RadarOnline.id, JAKARTA – Komisaris Utama PT Dian Bara Genoyang (DBG) Robianto Idup dituntut tiga tahun enam bulan atau 42 bulan pidana penjara potong selama masa tahanan oleh Jaksa Penuntut Umum (JPU) Boby Mokoginta SH MH dalam persidangan di Pengadilan Negeri (PN) Jakarta Selatan, Selasa (18/8).

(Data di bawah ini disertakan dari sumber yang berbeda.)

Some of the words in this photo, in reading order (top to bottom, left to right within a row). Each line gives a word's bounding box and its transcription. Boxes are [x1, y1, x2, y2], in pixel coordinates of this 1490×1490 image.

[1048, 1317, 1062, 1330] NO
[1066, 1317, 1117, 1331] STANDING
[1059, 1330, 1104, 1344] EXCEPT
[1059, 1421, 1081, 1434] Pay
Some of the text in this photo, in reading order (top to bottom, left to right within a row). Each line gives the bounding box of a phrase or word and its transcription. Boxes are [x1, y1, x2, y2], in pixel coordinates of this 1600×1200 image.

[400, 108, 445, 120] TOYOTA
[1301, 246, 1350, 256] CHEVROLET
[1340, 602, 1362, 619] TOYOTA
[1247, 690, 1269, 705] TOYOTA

Dihadapan Ketua Majelis Hakim Florensia Mendengan SH, MH, JPU mengataka bahwa Terdakwa Robianto Idul telah terbukti secara sah dan meyakinkan bersalah melanggar Pasal 378 KUHP karena melakukan penipuan terhadap saksi korban (pelapor) Herman Tandrin (PT GPE) puluhan miliar rupiah dengan iming-iming keuntungan besar.

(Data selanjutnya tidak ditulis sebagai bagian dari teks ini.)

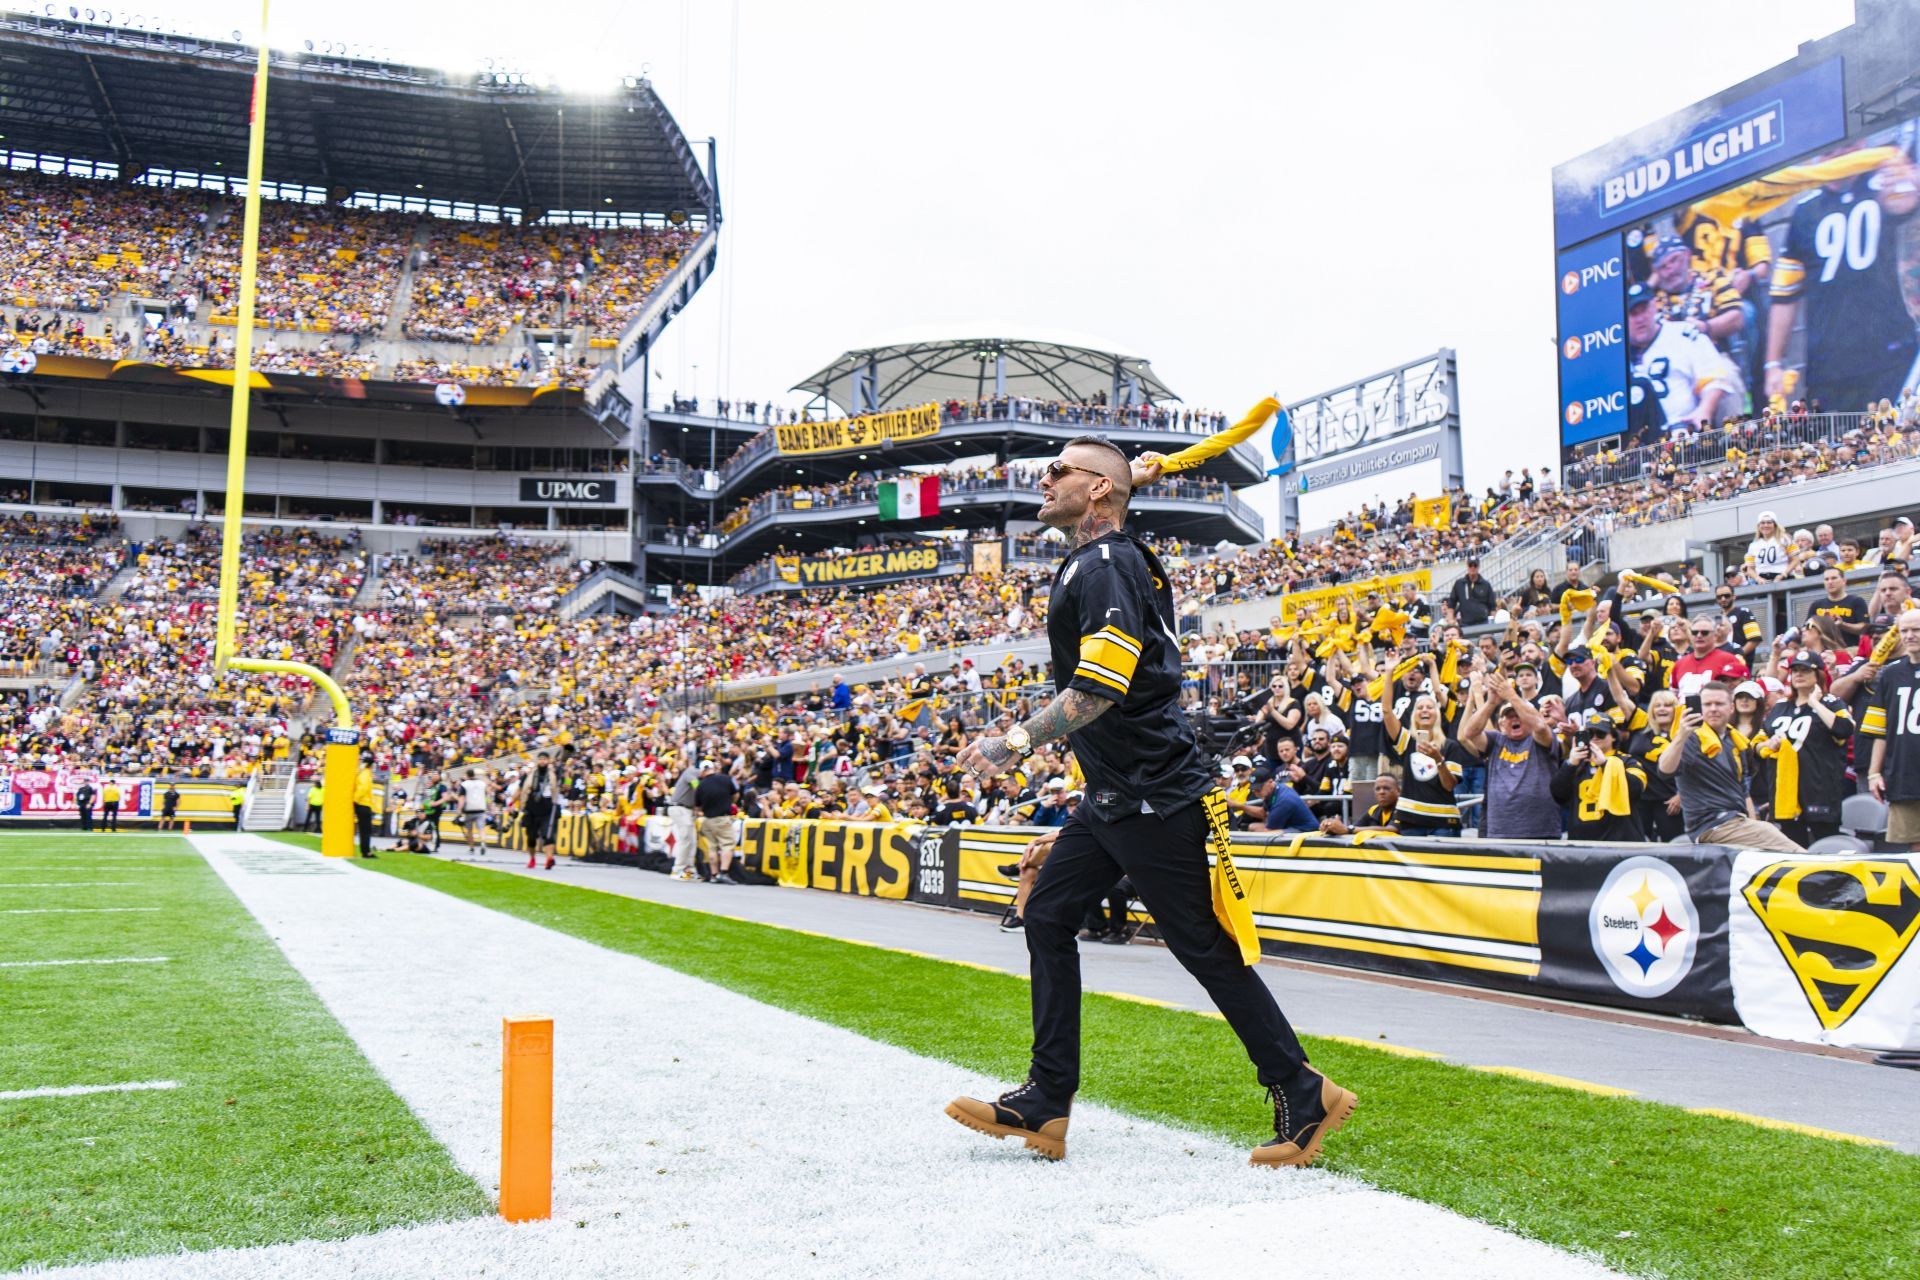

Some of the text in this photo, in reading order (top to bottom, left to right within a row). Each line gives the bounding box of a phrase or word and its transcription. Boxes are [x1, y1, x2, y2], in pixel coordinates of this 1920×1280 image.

[1604, 111, 1776, 209] BUD LIGHT
[1814, 200, 1881, 283] 90
[1581, 258, 1620, 287] PNC
[1583, 325, 1622, 352] PNC
[1585, 391, 1624, 418] PNC
[779, 428, 810, 450] BANG
[812, 423, 842, 448] BANG
[911, 408, 937, 434] GANG
[1308, 465, 1349, 488] Essential
[1350, 458, 1388, 477] Utilities
[1389, 441, 1439, 465] Company
[537, 482, 600, 499] UPMC
[1098, 544, 1110, 560] 1
[1758, 546, 1776, 564] 90
[801, 554, 886, 582] YINZER
[1354, 699, 1384, 722] 58
[919, 838, 944, 867] EST.
[919, 869, 944, 895] 1933
[1222, 861, 1242, 894] MYRON
[1603, 915, 1639, 931] Steelers

Terdakwa Robianto yang sempat melarikan diri sampai dimasukkan ke dalam Daftar Pencarian Orang (DPO) atau buron dan di-rednotice-kan hingga akhirnya menyerahkan diri di Denhaag, Belanda, menurut JPU Boby, melanggar pasal 378 KUHP tentang penipuan. Hal yang memberatkan terdakwa yang pengusaha pertambangan batubara itu, di samping perbuatannya sendiri yang tak kunjung membayar invoice atau tagihan PT GPE selaku kontraktor tambang batubara, Robianto Idup juga memberikan keterangan berbelit-belit, tidak mengakui perbuatan, tidak menyesal dan tak kooperatif pula hingga proses hukum kasusnya berliku-liku dan lama. Sementara terdakwa lainnya dalam kasus sama, Dirut PT DBG Iman Setiabudi yang dihukum satu tahun penjara telah usai menjalani hukumannya.

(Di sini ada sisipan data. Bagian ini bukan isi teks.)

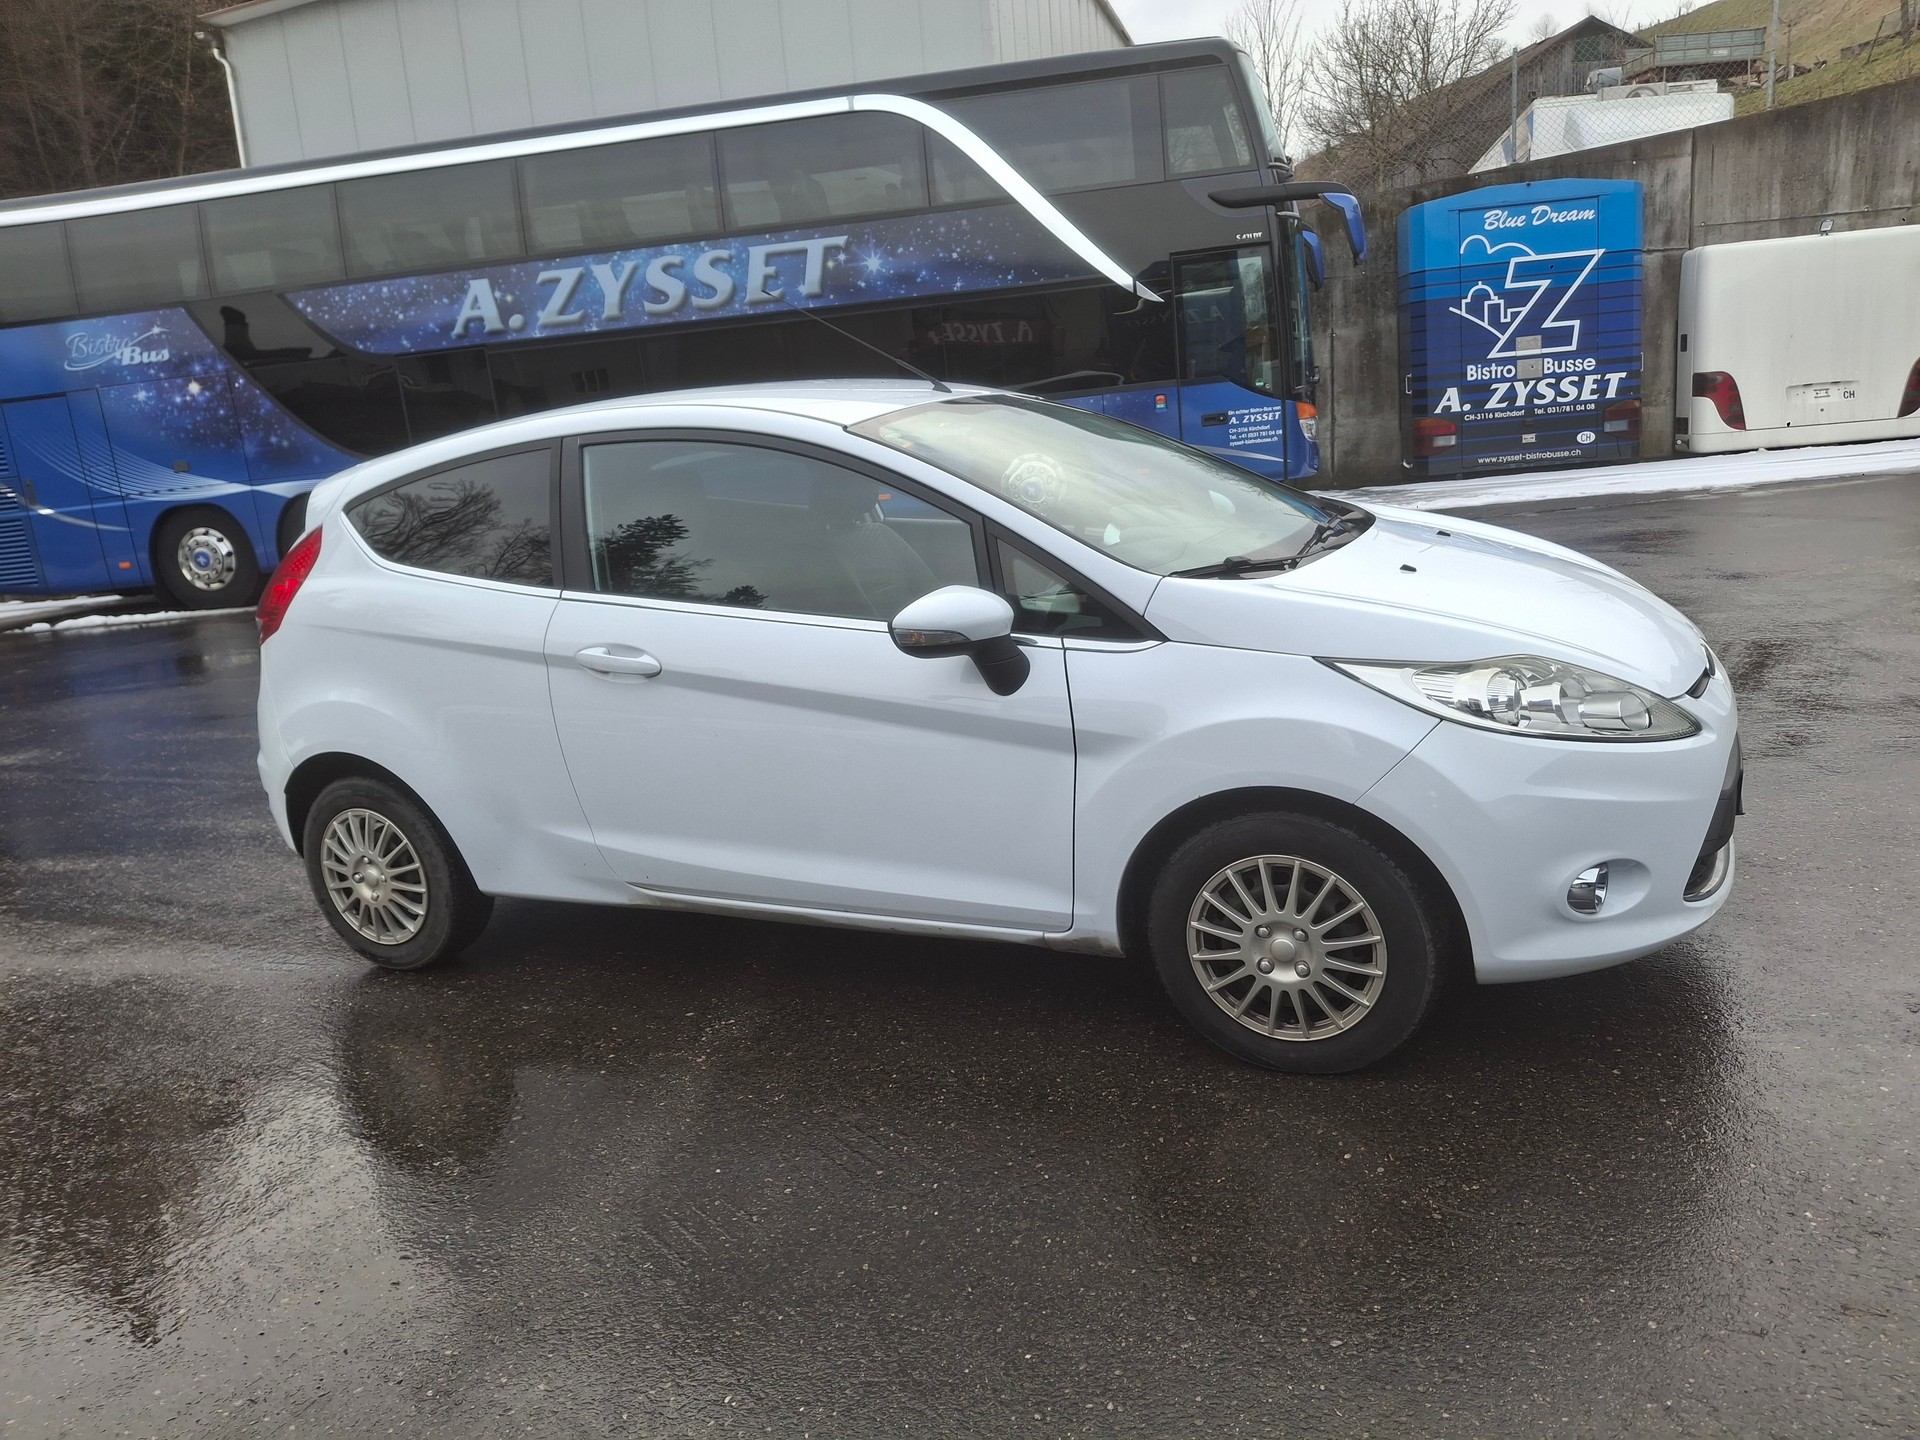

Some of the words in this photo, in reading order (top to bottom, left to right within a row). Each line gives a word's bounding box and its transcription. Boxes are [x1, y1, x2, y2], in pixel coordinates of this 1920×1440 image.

[1484, 209, 1526, 230] Blue
[1531, 205, 1595, 225] Dream
[450, 278, 526, 338] A.
[535, 234, 849, 327] ZYSSET
[66, 332, 130, 358] Bistro
[117, 345, 170, 366] Bus
[1466, 365, 1516, 381] Bistro
[1543, 358, 1596, 374] Busse
[1434, 387, 1472, 413] A.
[1484, 372, 1627, 409] ZYSSET
[1843, 390, 1855, 399] CH
[1229, 416, 1239, 424] A.
[1242, 412, 1281, 423] ZYSSET
[1465, 412, 1493, 421] CH-3116
[1495, 410, 1525, 418] Kirchdorf
[1547, 405, 1574, 414] 031/781
[1580, 433, 1591, 442] CH
[1478, 449, 1581, 464] www.zysset-bistrobusse.ch

“Kami JPU menyatakan bahwa dakwaan kami terhadap terdakwa Robianto Idup terbukti secara sah dan meyakinkan. Oleh karenananya kami memohon majelis hakim menghukumnya selama tiga (3) tahun dan enam (6) bulan penjara potong selama dalam tahanan,” ujar Boby.
Terbuktinya tindak kejahatan penipuan yang dilakukan Robianto Idup, menurut JPU, sepenuhnya berdasarkan fakta-fakta yang terungkap selama persidangan ditambah alat bukti yang ada sebelumnya. Keterangan saksi a charge (memberatkan) yang satu dengan yang lainnya di persidangan saling bersesuaian dan mendukung adanya tindak kejahatan penipuan dilakukan Robianto Idup yang pemilik saham mayoritas PT DBG itu sebagaimana tertuang dalam surat dakwaan. Perbuatan terdakwa itu mengakibatkan Herman Tandrin mengalami kerugian puluhan miliar rupiah karena telah berulangkali mengerjakan proyek penambangan dan menghasilkan batubara senilai puluhan miliar rupiah juga bagi PT DBG, namun invoice yang beberapa kali dijanjikan akan dibayar saat menyuruh kontraktor (PT GPE) tersebut bekerja tetap saja tak kunjung dibayarkan atau ditepati.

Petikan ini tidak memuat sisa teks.